■ **Work task**
What you return must match the listing below line for line, minus its pictures.

■ **Data for processing**

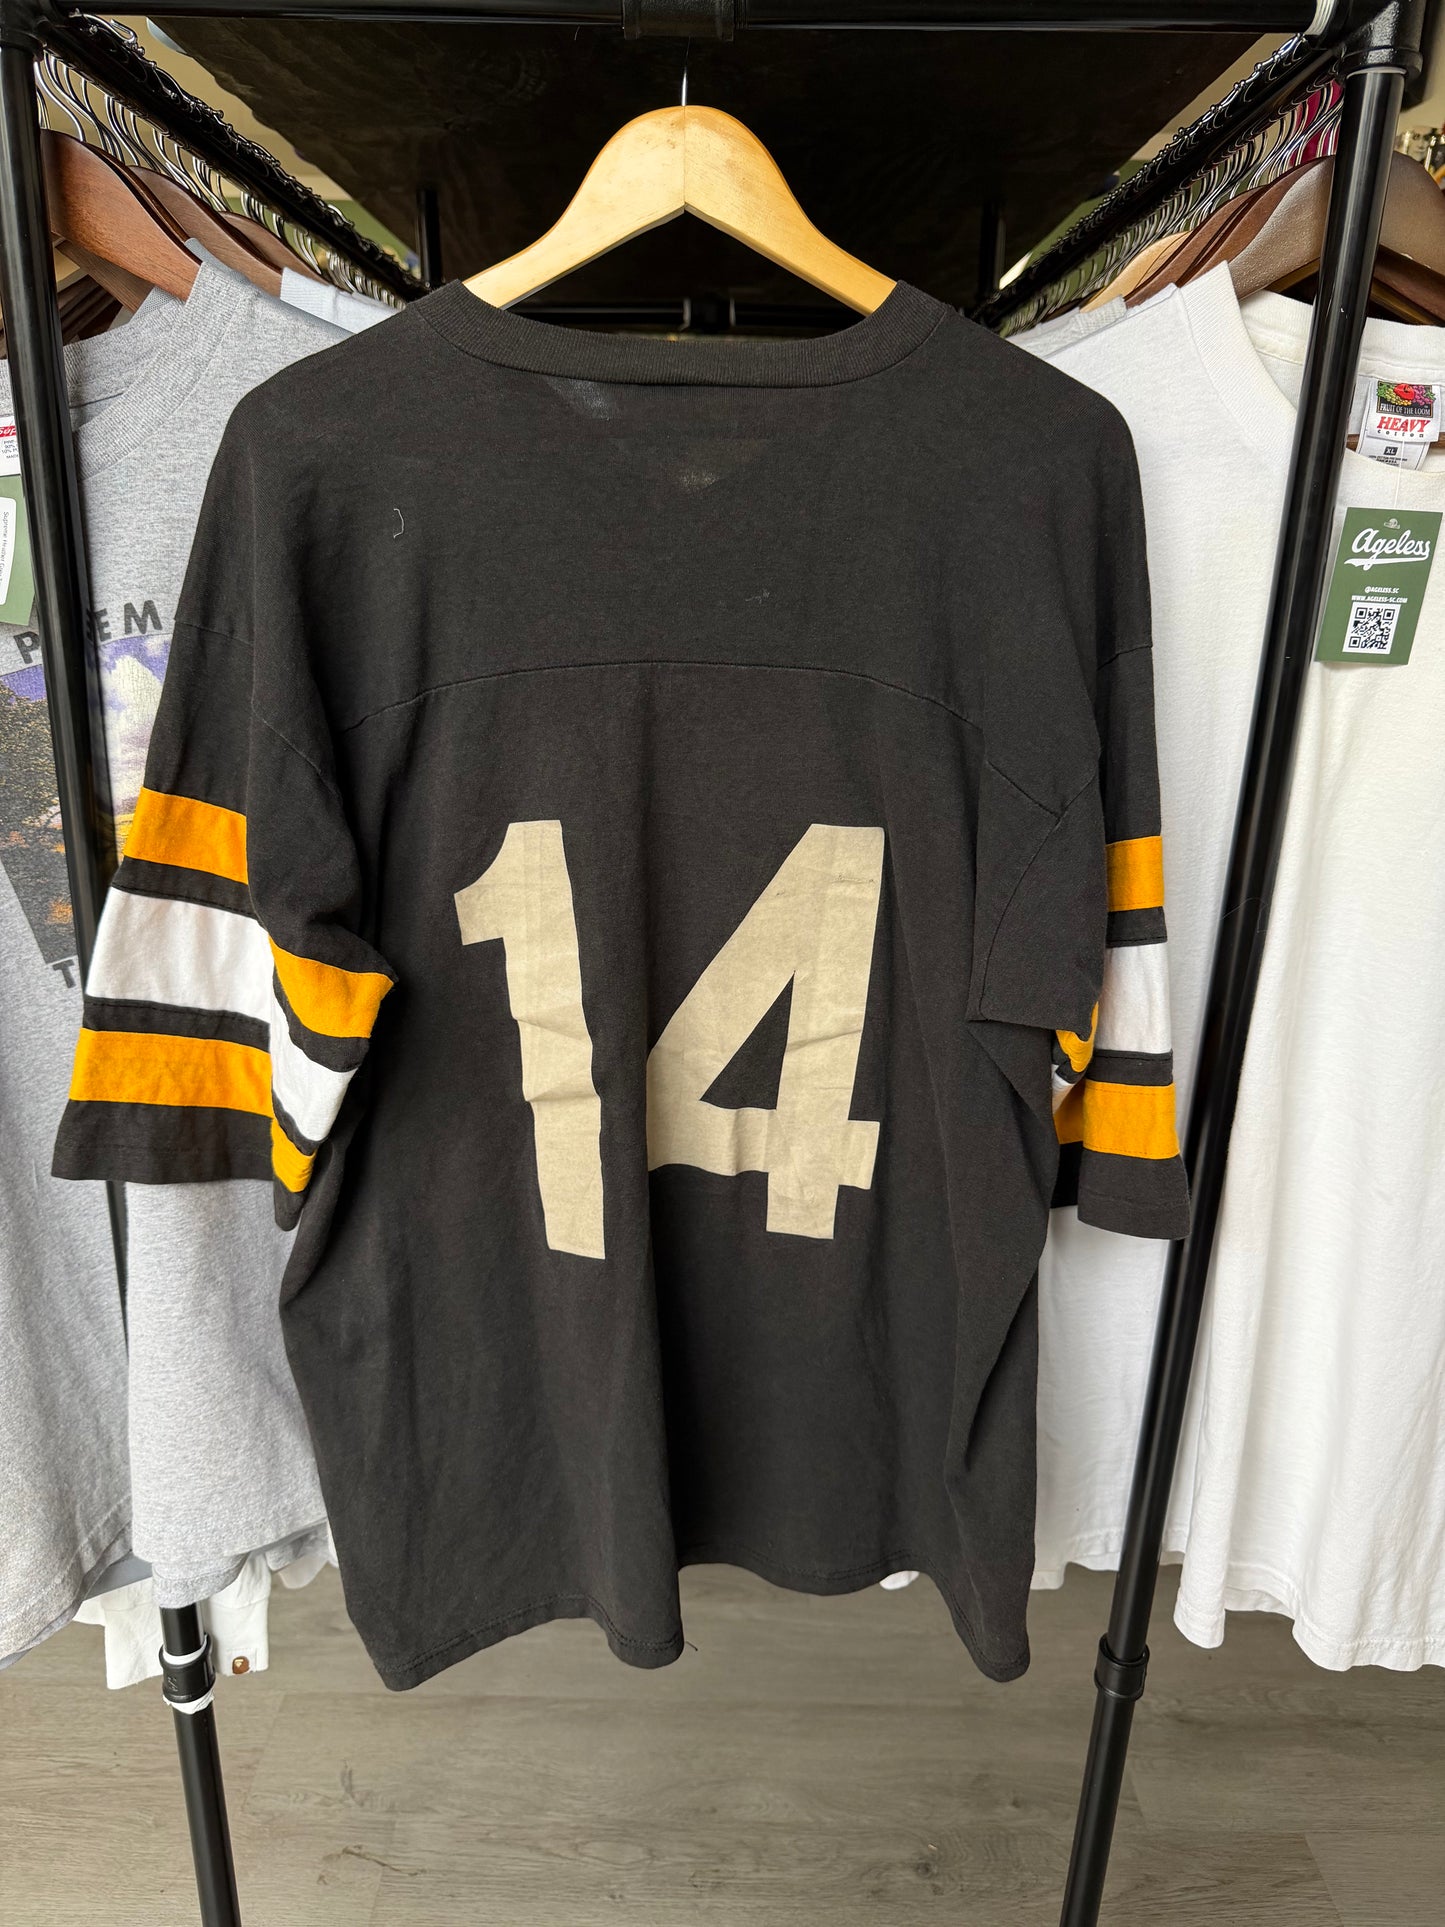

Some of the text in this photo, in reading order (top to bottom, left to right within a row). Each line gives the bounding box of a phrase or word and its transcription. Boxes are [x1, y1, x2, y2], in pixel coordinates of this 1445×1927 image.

[1380, 403, 1396, 412] FRUIT
[1396, 405, 1403, 413] OF
[1403, 406, 1415, 415] THE
[1414, 407, 1430, 416] LOOM
[1376, 416, 1431, 433] HEAVY
[1347, 528, 1431, 571] Ageless
[1364, 585, 1400, 594] @AGELESS.SC
[454, 819, 885, 1260] 14

■ **Solved problem**
Some of the text in this photo, in reading order (top to bottom, left to right within a row). Each line gives the bounding box of a phrase or word and its transcription. Boxes are [x1, y1, x2, y2], in pixel coordinates of this 1445×1927 image.

[1380, 403, 1396, 412] FRUIT
[1396, 405, 1403, 413] OF
[1403, 406, 1415, 415] THE
[1414, 407, 1430, 416] LOOM
[1376, 416, 1431, 433] HEAVY
[1347, 528, 1431, 571] Ageless
[1364, 585, 1400, 594] @AGELESS.SC
[454, 819, 885, 1260] 14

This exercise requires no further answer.